In its broadest meaning, naturalism is just a committment to the "explore, speculate, test, revise" methodologies that use empiricism and reasoning, and the premise that either none or only a little of our universe is immune to this methodology. This is methodological naturalism, and it is accompanied by a belief in a continuum approach to science and metaphysics, as metaphysics would be primarily or entirely "natural". The most noteworthy recent advocate of this approach is Karl Popper, and as a "naturalist", and our definer of science, he advocated for a triplest ontology (mind, and ideas are separate planes from matter) all subject to naturalist investigation.

However, many materialists, and many physicalists, assume that only matter is subject to this methodology, and describe themselves as naturalists. This includes an assumption that mind, soul, gods, math, logic or some subset of these are "supernatural", in that they are immune to investigation either empirically or logically.

It is not just materialists who hold this narrow view of naturalism.
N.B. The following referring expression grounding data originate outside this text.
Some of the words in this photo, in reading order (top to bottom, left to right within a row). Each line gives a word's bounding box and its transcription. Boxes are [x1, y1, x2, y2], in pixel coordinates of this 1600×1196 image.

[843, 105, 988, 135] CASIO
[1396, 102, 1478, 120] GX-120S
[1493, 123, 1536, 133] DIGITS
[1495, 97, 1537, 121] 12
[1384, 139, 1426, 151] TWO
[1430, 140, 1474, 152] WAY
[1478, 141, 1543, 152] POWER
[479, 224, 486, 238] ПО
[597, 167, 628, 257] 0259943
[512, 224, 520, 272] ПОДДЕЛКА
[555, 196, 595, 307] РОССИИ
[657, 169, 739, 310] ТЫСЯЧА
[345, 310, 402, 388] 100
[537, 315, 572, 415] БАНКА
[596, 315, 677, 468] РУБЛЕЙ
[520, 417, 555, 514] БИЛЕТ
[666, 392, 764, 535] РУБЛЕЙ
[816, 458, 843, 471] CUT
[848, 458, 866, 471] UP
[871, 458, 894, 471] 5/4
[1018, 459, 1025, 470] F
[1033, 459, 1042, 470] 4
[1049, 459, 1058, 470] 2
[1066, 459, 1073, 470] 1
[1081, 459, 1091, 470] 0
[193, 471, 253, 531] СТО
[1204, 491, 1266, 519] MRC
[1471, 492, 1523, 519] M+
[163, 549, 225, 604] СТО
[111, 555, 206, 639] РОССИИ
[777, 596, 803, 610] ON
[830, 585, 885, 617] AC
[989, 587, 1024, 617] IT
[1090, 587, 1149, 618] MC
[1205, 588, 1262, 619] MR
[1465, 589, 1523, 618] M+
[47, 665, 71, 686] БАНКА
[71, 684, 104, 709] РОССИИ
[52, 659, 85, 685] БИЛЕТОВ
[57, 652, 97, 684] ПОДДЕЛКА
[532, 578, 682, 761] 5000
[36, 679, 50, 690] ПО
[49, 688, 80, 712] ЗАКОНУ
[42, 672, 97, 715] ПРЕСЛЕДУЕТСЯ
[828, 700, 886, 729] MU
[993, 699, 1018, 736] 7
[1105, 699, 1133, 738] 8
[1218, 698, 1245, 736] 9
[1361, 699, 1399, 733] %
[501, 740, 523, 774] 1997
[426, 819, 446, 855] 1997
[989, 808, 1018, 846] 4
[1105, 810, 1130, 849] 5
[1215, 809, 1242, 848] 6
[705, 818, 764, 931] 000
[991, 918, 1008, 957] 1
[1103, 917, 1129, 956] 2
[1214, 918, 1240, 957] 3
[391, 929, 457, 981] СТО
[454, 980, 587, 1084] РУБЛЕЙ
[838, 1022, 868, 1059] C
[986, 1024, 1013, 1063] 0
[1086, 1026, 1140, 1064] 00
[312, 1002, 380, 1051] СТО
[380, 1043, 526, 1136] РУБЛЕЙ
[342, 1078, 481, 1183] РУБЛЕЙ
Stephen J Gould's Non Overlapping Magisteria concept has been adopted by many dualists, who hold that the spiritual realm exists, but is not subject to naturalist evaluation.
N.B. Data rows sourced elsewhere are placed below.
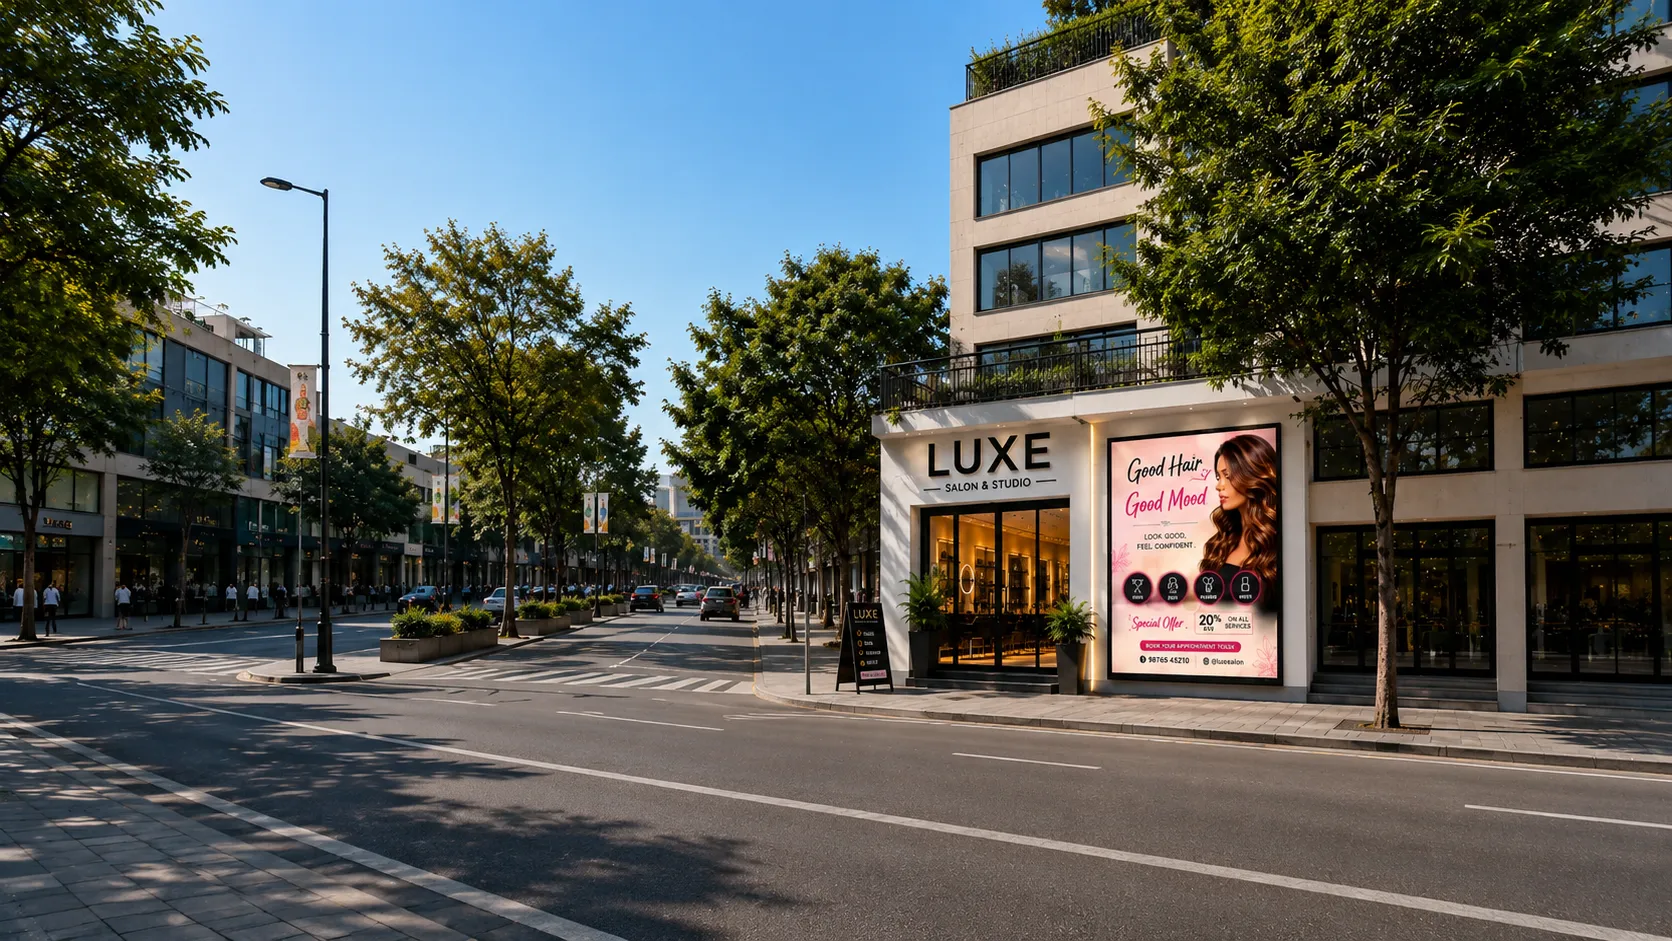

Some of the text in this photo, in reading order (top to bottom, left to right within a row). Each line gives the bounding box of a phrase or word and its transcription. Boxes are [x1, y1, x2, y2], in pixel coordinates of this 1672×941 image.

[928, 431, 1051, 477] LUXE
[1127, 453, 1203, 484] Good Hair
[945, 478, 1032, 493] SALON & STUDIO
[1125, 486, 1208, 518] Good Mood
[853, 609, 879, 619] LUXE
[1199, 614, 1222, 626] 20%
[1131, 615, 1184, 631] Special Offer
Metaphysical naturalism takes this narrow approach to the "natural" and asserts that only those things which fit this narrow "natural" actually exist. However, as I noted, even "naturalists" themselves disagree on how narrow naturalism is. Most physicalists agree that mind and logic exist, but are just causally dervative on matter, rather than the materialist declaration of their non-existence. So even among metaphysical naturalists the definition is variable.